JACKSONVILLE, Fla. – As the I-TEAM continues to investigate overflow problems at the Jacksonville morgue, a man's family said they're upset with the city for not responding to the capacity issues at the medical examiner's office sooner.
Jamie Anderson’s sister-in-law spoke with the I-TEAM, which has been hearing from viewers upset with the city's response to the medical examiner's office. She said she wants to know from the city why it would allow the medical examiner's office to run out of space.
Anderson's body was found in a ditch the day after Thanksgiving. Lisa Anderson said her pain has grown from devastation to anger after her brother-in-law's body was taken to the medical examiner’s office.
"First I was mad at the medical examiner's office, but then I started doing some reading and it's not their fault," Lisa Anderson said. "They are doing everything they can to try to get people to pay attention to this and help them with the city, and they are just not."
In a report on Nov. 30, the I-TEAM detailed an internal email from Chief Medical Examiner Dr. Valerie Rao to all 19 City Council members, in which she stated there was a “dire lack of space” and one body had to be put on the floor.

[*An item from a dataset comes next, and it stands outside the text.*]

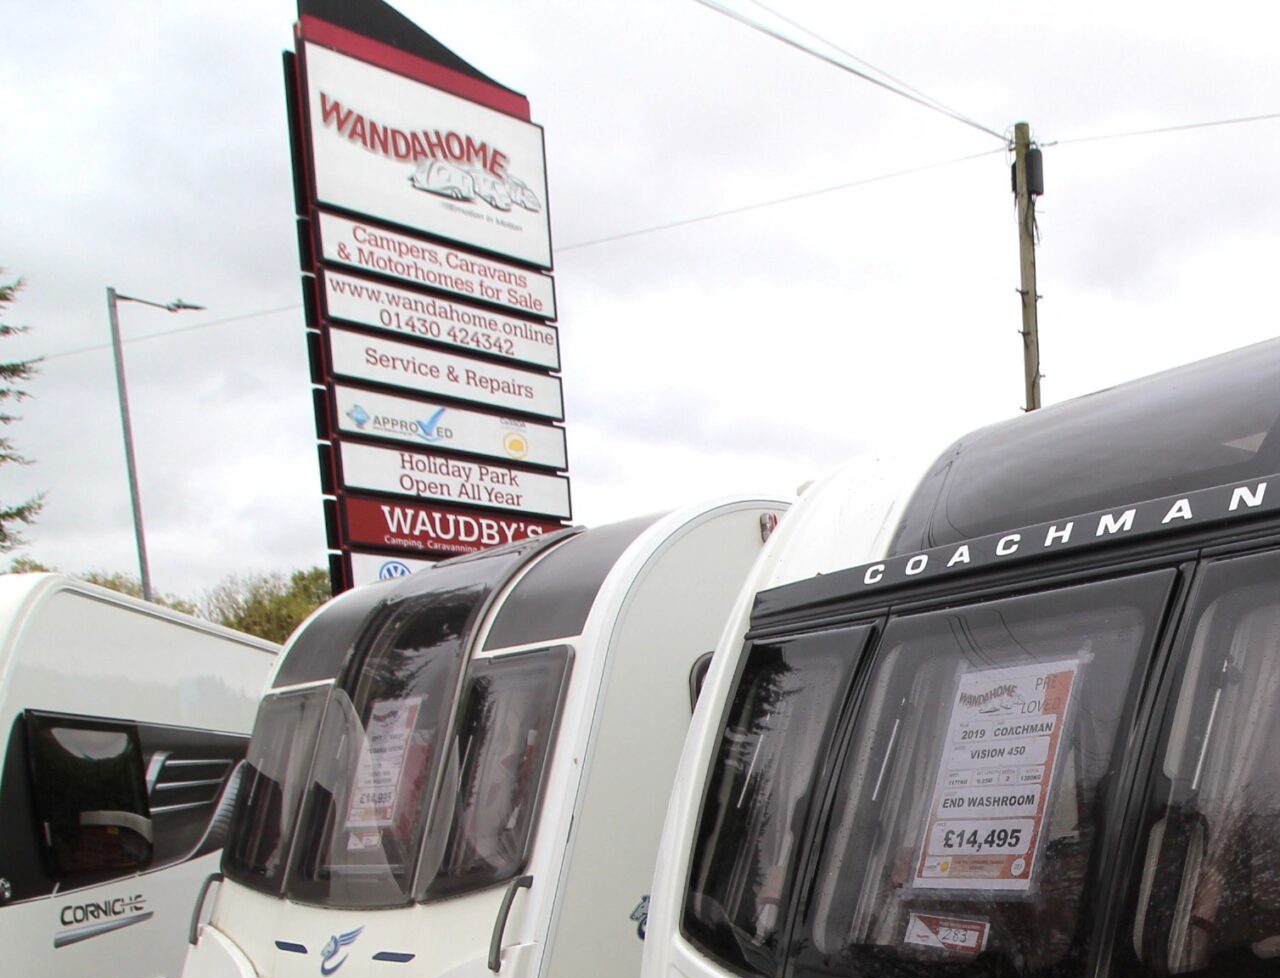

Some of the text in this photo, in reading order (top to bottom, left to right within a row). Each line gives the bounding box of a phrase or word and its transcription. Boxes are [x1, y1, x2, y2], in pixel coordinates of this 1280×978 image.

"I just don't know how it could go so out of control like that," said Lisa Anderson, whose brother-in-law's death is one of the hundreds of usual, sudden or unexpected deaths that the medical examiner's office investigates.
After the I-TEAM obtained the email, the city's finance committee agreed to help the medical examiner's office get a cooler on the property to hold more bodies.
But Lisa Anderson said for anyone who has a loved going to the medical examiner's office, that's not enough.
"Give the people the resources they need to do their job because, without those resources, none of us are ever going to get the truth about what happened, and it's not fair," she said.
More than a week after the I-TEAM requested comment about the city morgue being over capacity, Mayor Lenny Curry released a statement Thursday, saying the medical examiner could have asked for a new building during the budget planning process, but only asked for a new employee and equipment.
"Each year, the city of Jacksonville develops its budget based on the priorities and needs requested by each department," Curry said, in part. "The Medical Examiner’s Office shared their critical capacity issues with the administration after an email was sent to all city council members."
But the medical examiner's office is getting some help, as City Councilman Garrett Dennis has requested $150,000.
The administration could introduce legislation to purchase a larger cooler to store more bodies, but no date or deadline has been set.
Dennis, the chair of the finance committee, said he's "focused on getting immediate relief to the medical examiner's office. After that, it is my intention to pursue funding for a long-term solution."